In all my ignorance, I do know that the power on my KTM 250SX two-stroke can be adjusted, but for the life of me, I don’t know how to do it. At the track, I ask other KTM 250SX owners how to do it, but they all say that they didn’t know that the power could be changed. Give me the layman’s rundown on how to alter the power on my bike. Don’t make it too complicated.
KTM, in its infinite wisdom, realized that two-stroke owners come in a wide variety of shapes and riding styles, thus the engineers made the 250SX engine tunable via the power valve. The power valve is a movable flap located on the cylinder’s exhaust port where burnt gases are flushed out of the cylinder. At low rpm, the flap is held partially closed to make the exhaust port smaller. This helps the engine generate torque at low speeds. As revs build, the flap gradually opens, expanding the size of the exhaust outlet for greater top-end power. The ability to vary the size of the exhaust port gives your two-stroke engine broad, usable power. How you tune your KTM 250SX and which method you choose depends on whether you are using the bike for woods, desert, trail, play or racing applications. Here is MXA’s guide to living with KTM’s power valve with the help of Adam Kreft at KreftMoto.com.
Swapping ignition maps: KTM 250SXscomes from the factory with two different ignition maps. All you have to do to access the KTM ignition maps is to plug and unplug one wire. Located under the fuel tank is a wire that is fitted with a white male/female plastic connector. Since it is the only white connector under the frame, it is easily identified. The two ignition maps embedded into the KTM’s black box are Soft and Performance.
The map switch: The current Husqvarna TC250 two-strokes have a map switch on the handlebars—#1 is mellow and #2 is aggressive—and they can be swapped back and forth with ease. For some unknown reason, there are KTM 250SXs with the map switch, but none of our test bikes have ever had the switch. However, the switch off the Husky works on the KTM.
Soft map: To activate the Soft map, which refers to the fact that the power delivery will be smoothed out for ease of use, all you have to do is unplug the white connector. For most motocross racers, the Soft map would only be used on rockhard or slippery surfaces, because it takes bark out of the engine; however, because of the massive midrange hit of the late-model 250SXs, unplugging the wire is more common than you would think.
Performance map: The Performance map is really the stock map. It is activated when the white connector ends are plugged together. Every MXA test rider prefers the Performance map, and that is the way the bike is shipped from the factory.

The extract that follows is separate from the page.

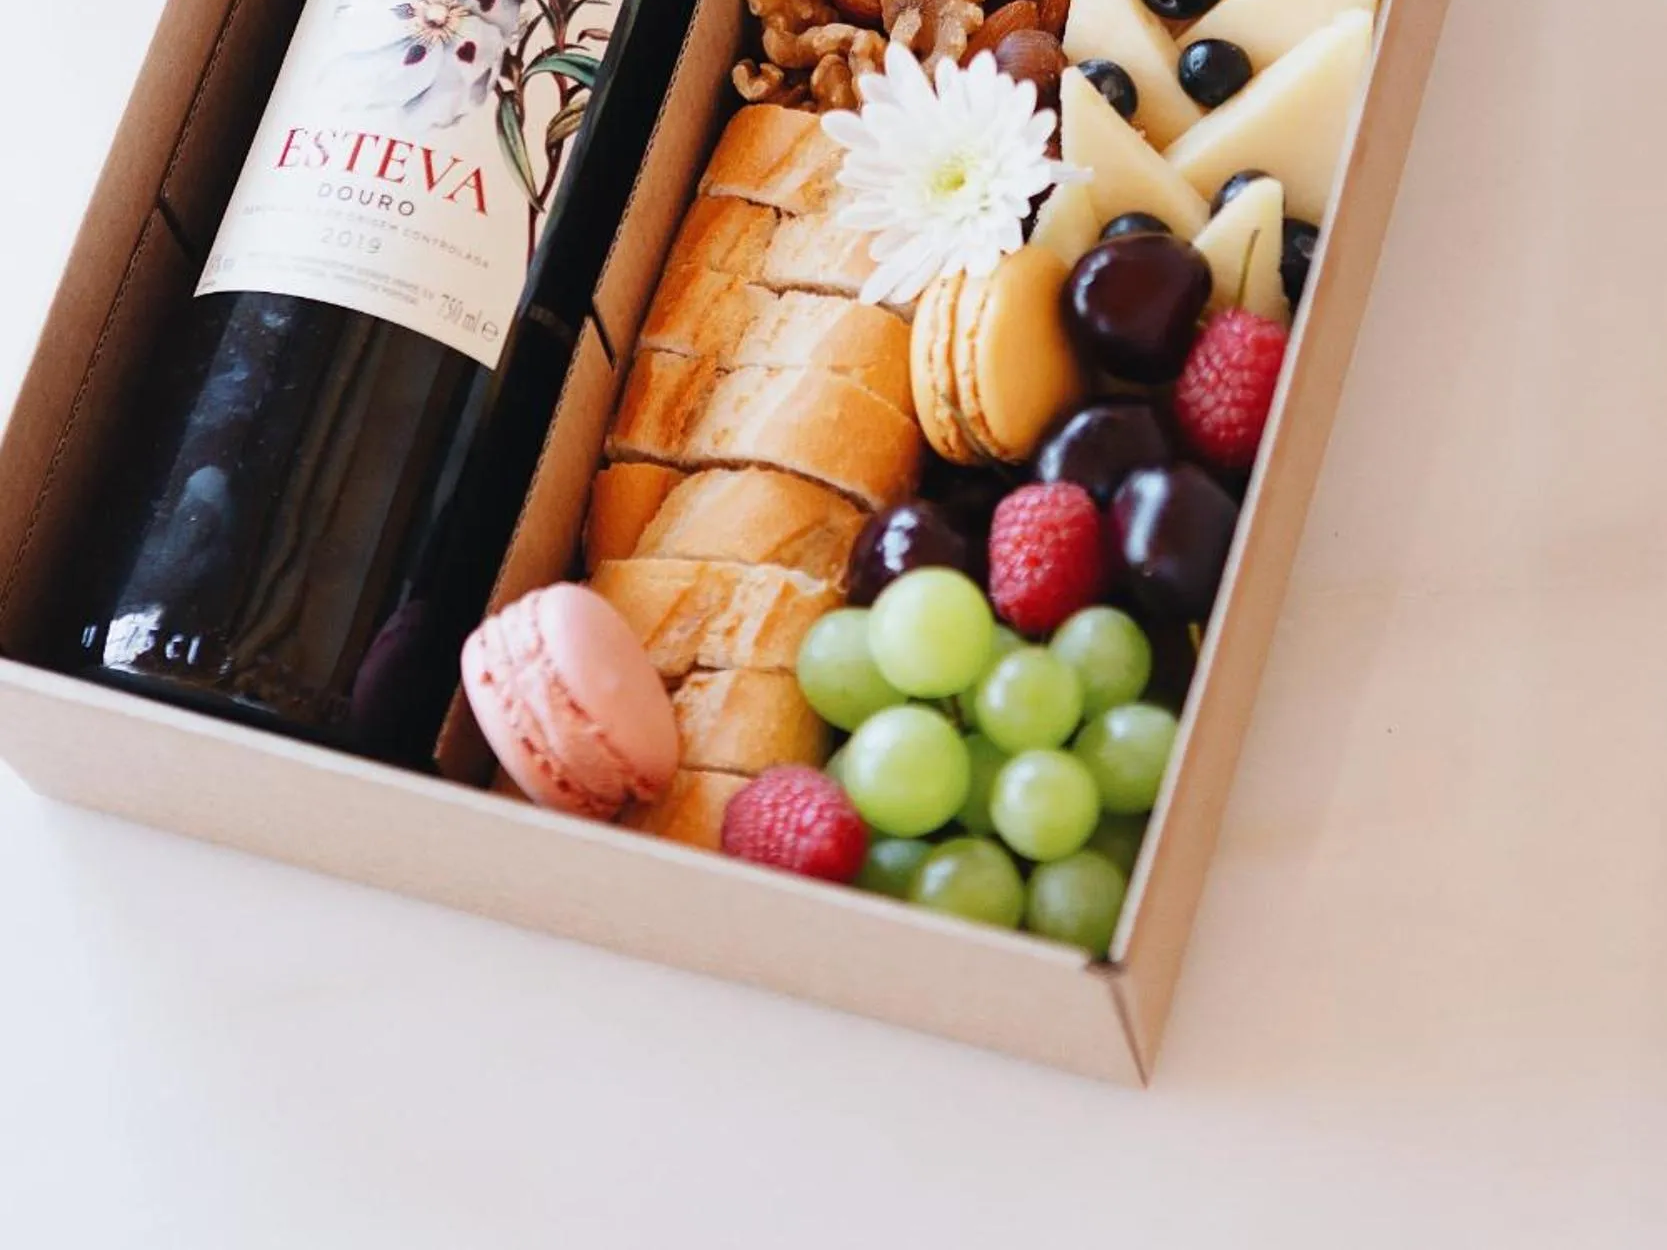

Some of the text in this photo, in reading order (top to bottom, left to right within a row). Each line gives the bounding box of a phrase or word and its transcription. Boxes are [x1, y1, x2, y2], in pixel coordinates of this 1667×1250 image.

[277, 128, 487, 216] ESTEVA
[317, 181, 416, 217] DOURO
[319, 226, 382, 254] 2019
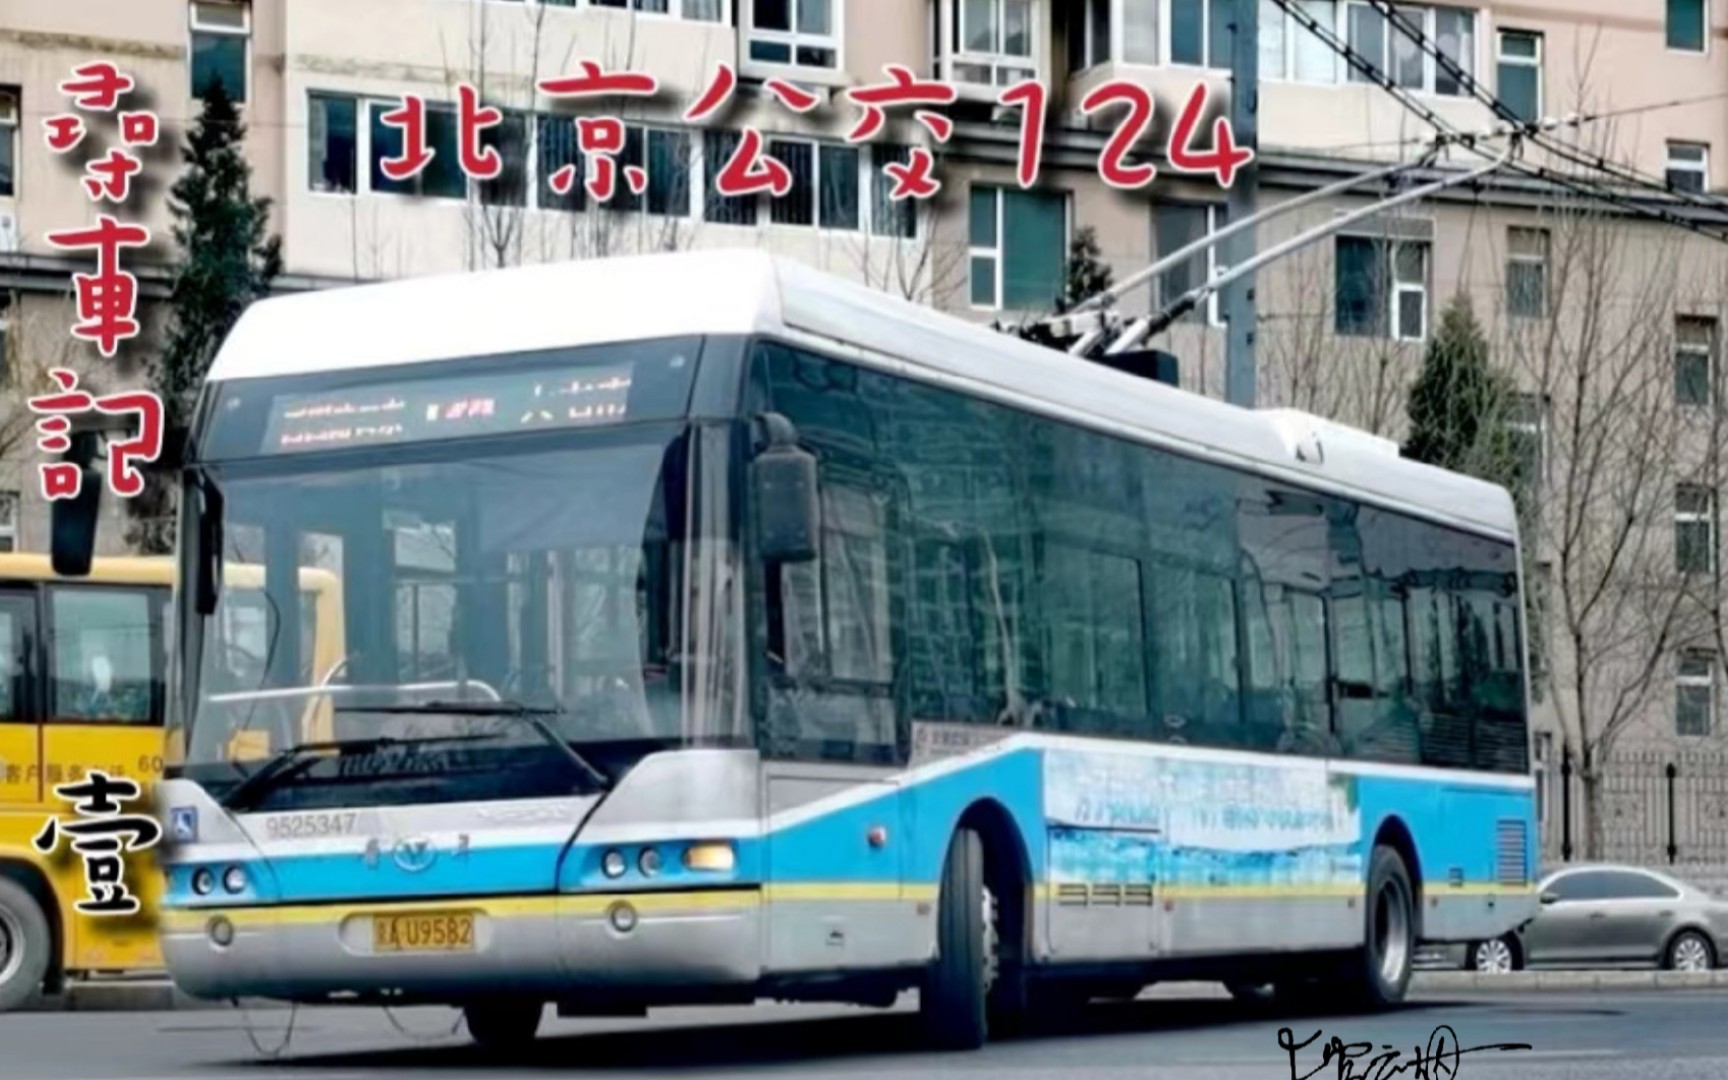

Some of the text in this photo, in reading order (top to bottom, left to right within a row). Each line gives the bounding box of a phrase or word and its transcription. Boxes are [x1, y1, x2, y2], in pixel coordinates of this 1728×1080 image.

Turning the power-valve preload dial: KTM’s power valve can be controlled by the power-valve adjuster. The adjuster changes the preload on the main power-valve spring. The main power-valve spring can be preloaded by turning the Robertson head adjuster in the center of the power-valve spring cap. The power valve is held in the closed position by a spring. You can change when the power valve opens by adjusting preload on this spring. This affects the power-delivery characteristics of your engine. Want more hit? Turn the power-valve adjuster counterclockwise for an aggressive hit and maximum top-end power. Want mellower power? Turn the adjuster clockwise for smoother power and a broader range of tractable low-end power. You do not need to loosen the two screws that hold the brass adjuster to the engine. Oh yeah, ignore where your owner’s manual says not to adjust the power valve—obviously, the adjuster was put there to adjust.
Did you notice the reference to a “Robertson head adjuster”? For some reason KTM’s engineer made the power valve preload adjuster operate with a Robertson screw. Since a Robertson head is square, most riders don’t have this tool in there toolbox. In a pinch you can use a flat-bladed screwdriver that is the same size as the square adjuster; however, both KTM and Nihilo Concepts sell Robertson wrenches for the KTM power valve. Even better, Kreft Moto sells an power-valve adjuster called the Power Dial that allows you to make instantaneous adjustments without any tools (even on the side of the track). Go to www.kreftmoto.com, www.nihilo concepts.com or your local KTM dealer to get the proper tool.
Power-valve springs: Your KTM comes with green, yellow and red auxiliary springs. Changing the spring can make your exhaust flap snap open quicker (red spring) or open slower (green spring). The yellow spring is the stock spring. While the larger-diameter main power-valve spring determines when the power-valve flapper begins to open, the smaller color-coded auxiliary spring determine how fast it opens and at what rpm it will be fully open.
Tips: As a rule, most MXA test riders prefer to run the yellow auxiliary spring with the white wire plugged in; however, we love to adjust the power valve by turning the adjuster. The power-valve adjustment is very sensitive. We turn it in 1/8-turn increments, always keeping track of which way we turned it. Be willing to turn it both clockwise and counterclockwise just to ensure that you are getting what you want. The full range of the KTM power-valve adjuster is six turns.